_Directions_
Transcribe the entries exactly; images are not part of the copy.
Top of Records to use
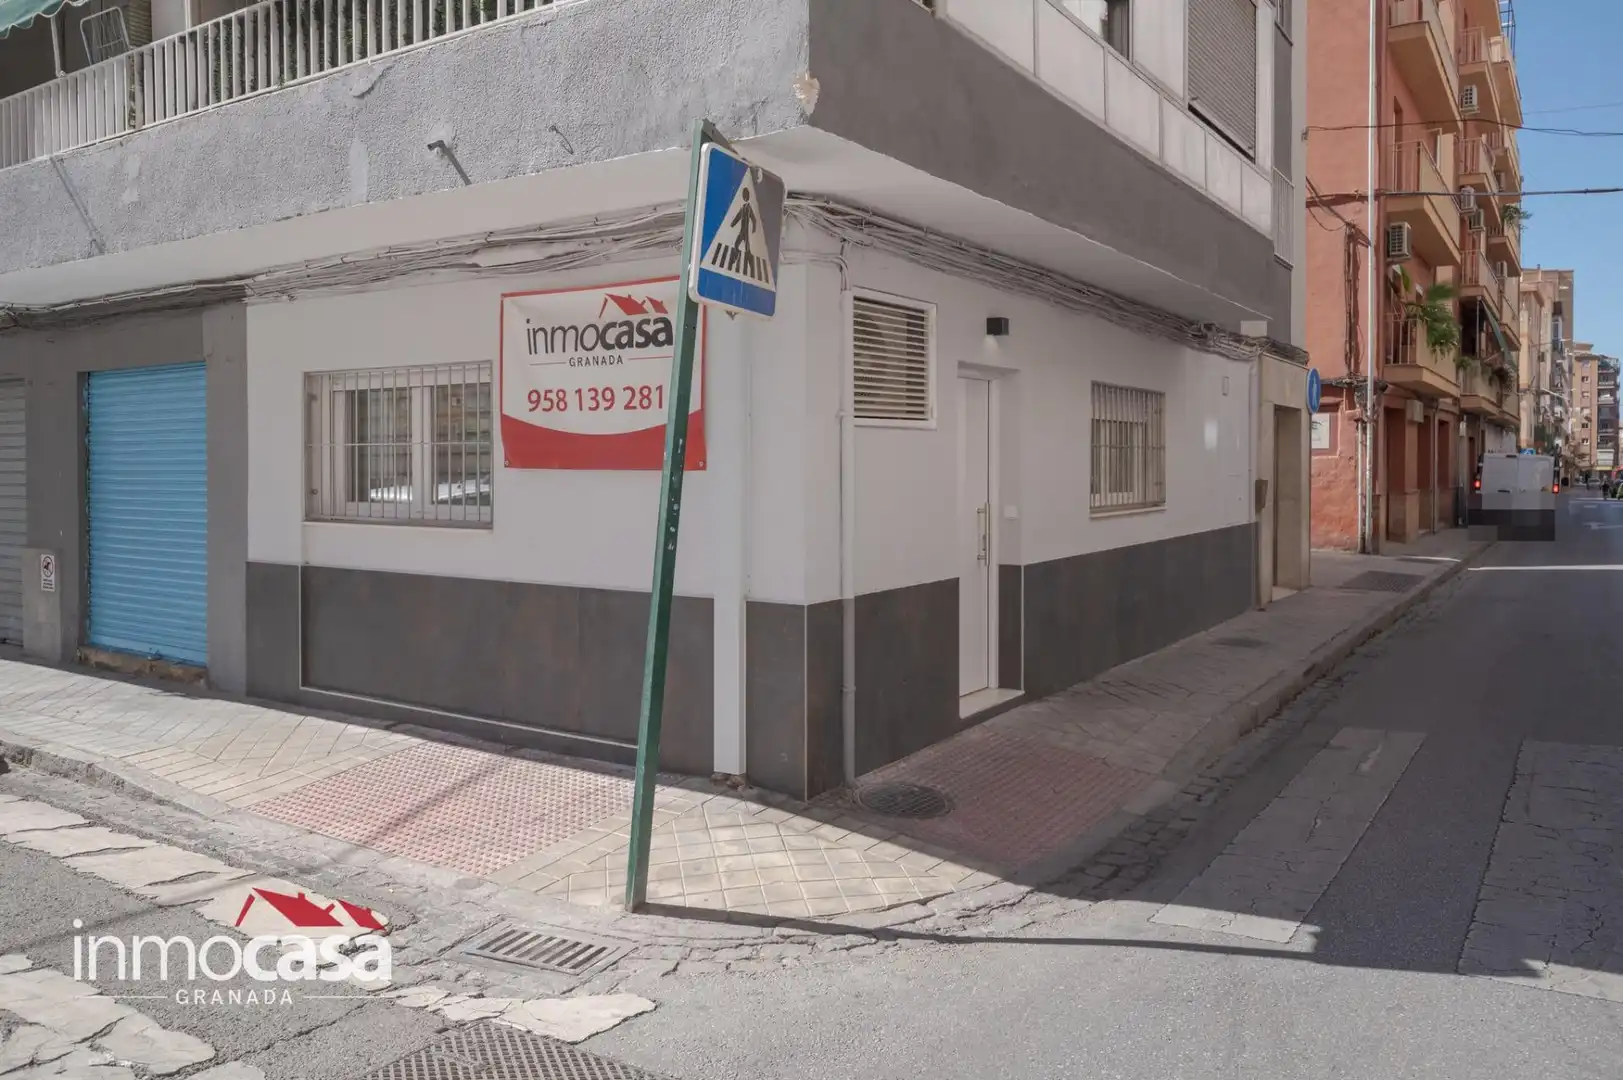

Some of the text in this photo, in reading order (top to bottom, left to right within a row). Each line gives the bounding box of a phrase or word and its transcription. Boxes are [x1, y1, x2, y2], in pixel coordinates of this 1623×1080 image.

[526, 317, 673, 355] inmocasa
[569, 355, 624, 367] GRANADA
[527, 385, 664, 412] 958 139 281
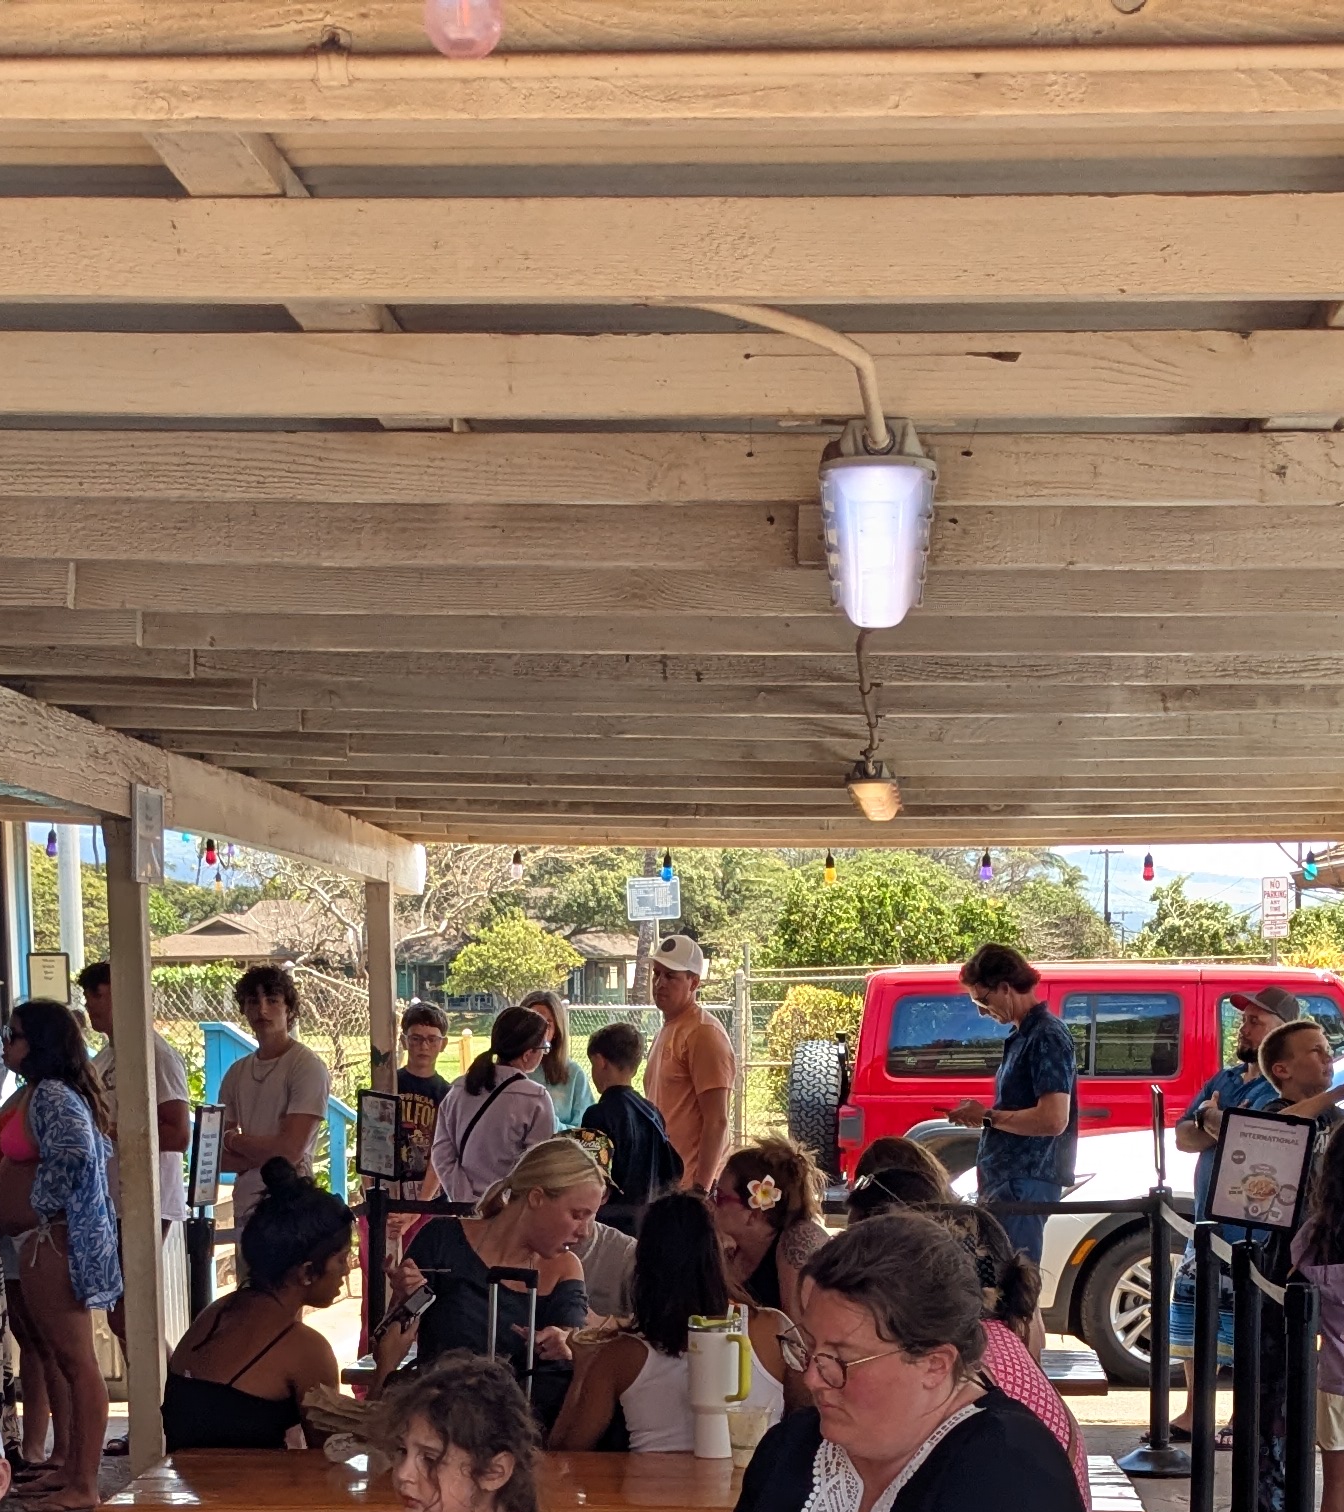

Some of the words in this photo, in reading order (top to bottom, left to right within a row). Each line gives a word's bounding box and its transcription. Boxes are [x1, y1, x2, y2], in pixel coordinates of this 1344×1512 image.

[1270, 881, 1280, 889] NO
[1264, 891, 1287, 899] PARKING
[1240, 1131, 1299, 1146] INTERNATIONAL
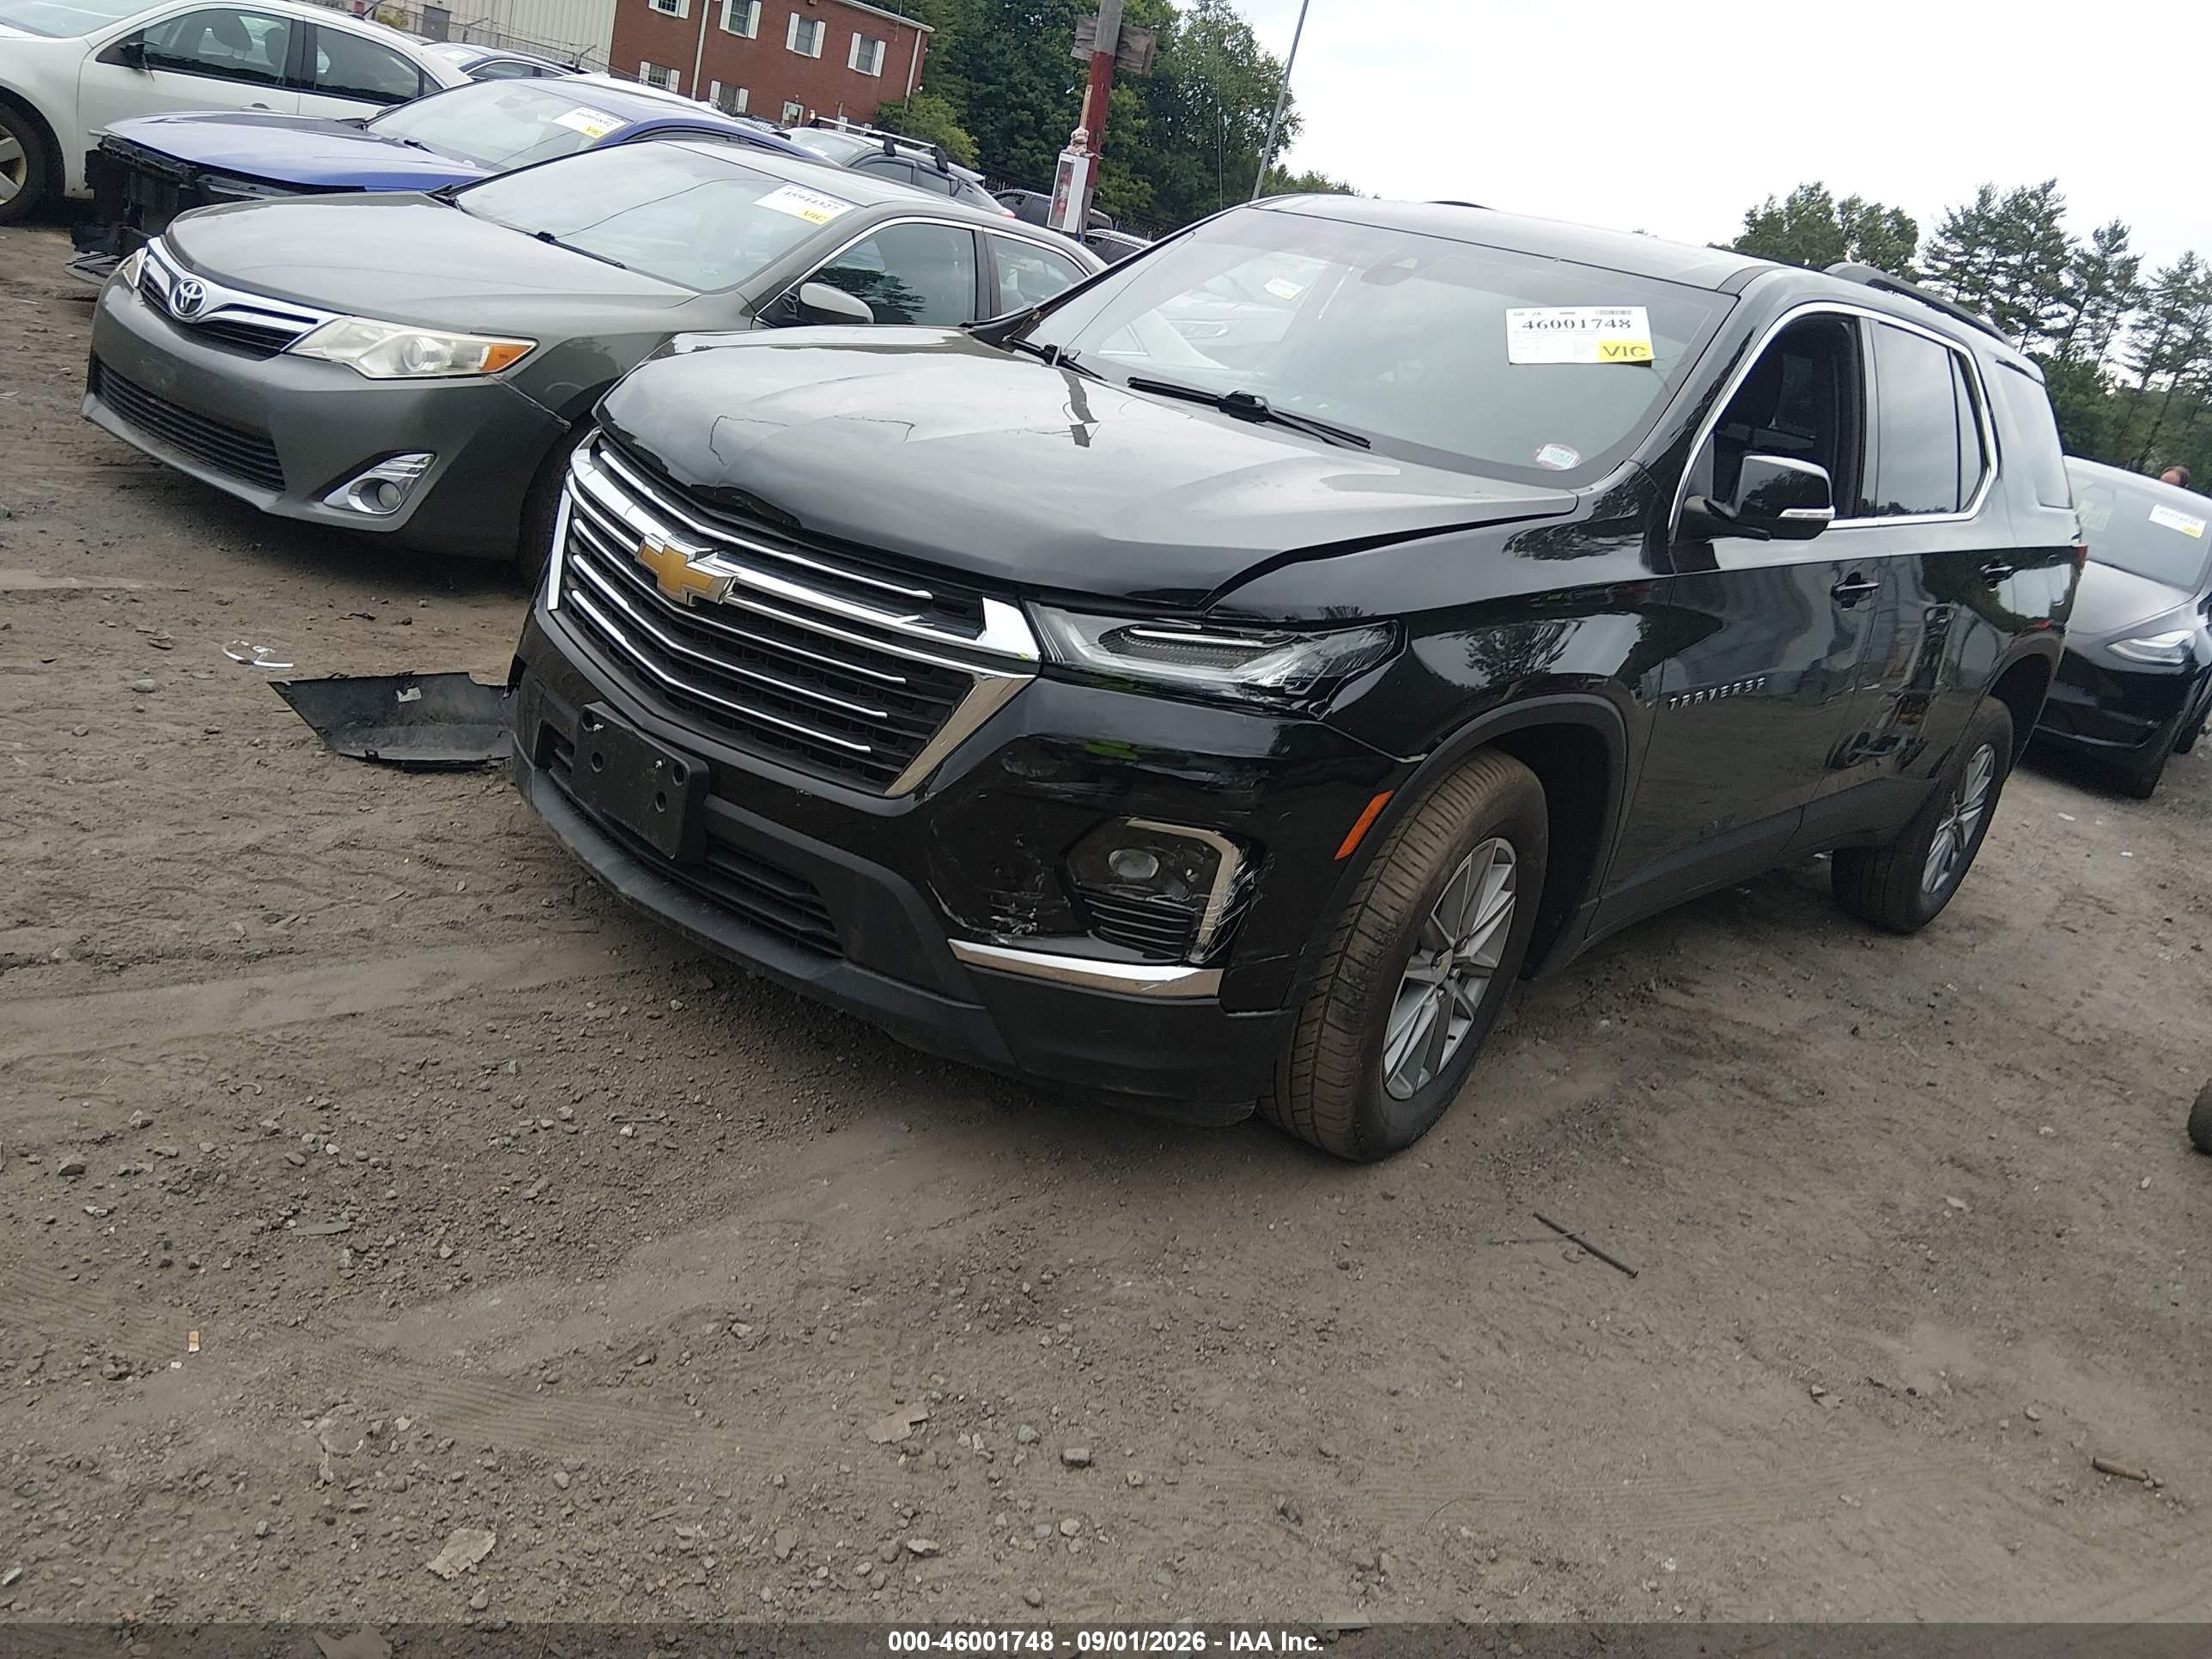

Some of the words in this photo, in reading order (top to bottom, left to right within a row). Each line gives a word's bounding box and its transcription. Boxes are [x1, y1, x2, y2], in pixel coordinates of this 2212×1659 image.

[803, 210, 828, 222] VIC
[1521, 318, 1632, 331] 46001748
[1602, 345, 1648, 357] VIC
[1668, 677, 1766, 712] TRAVERSE
Bottom of Records to use
_Output of the task_
Some of the text in this photo, in reading order (top to bottom, left to right within a row). Each line gives the bounding box of a phrase or word and its transcription. Boxes are [x1, y1, x2, y2], in pixel coordinates of this 1623×1080 image.

[526, 317, 673, 355] inmocasa
[569, 355, 624, 367] GRANADA
[527, 385, 664, 412] 958 139 281

Some of the words in this photo, in reading order (top to bottom, left to right within a row). Each line gives a word's bounding box and its transcription. Boxes are [x1, y1, x2, y2], in pixel coordinates of this 1344×1512 image.

[1270, 881, 1280, 889] NO
[1264, 891, 1287, 899] PARKING
[1240, 1131, 1299, 1146] INTERNATIONAL

Some of the words in this photo, in reading order (top to bottom, left to right within a row). Each line gives a word's bounding box and its transcription. Boxes are [x1, y1, x2, y2], in pixel coordinates of this 2212×1659 image.

[803, 210, 828, 222] VIC
[1521, 318, 1632, 331] 46001748
[1602, 345, 1648, 357] VIC
[1668, 677, 1766, 712] TRAVERSE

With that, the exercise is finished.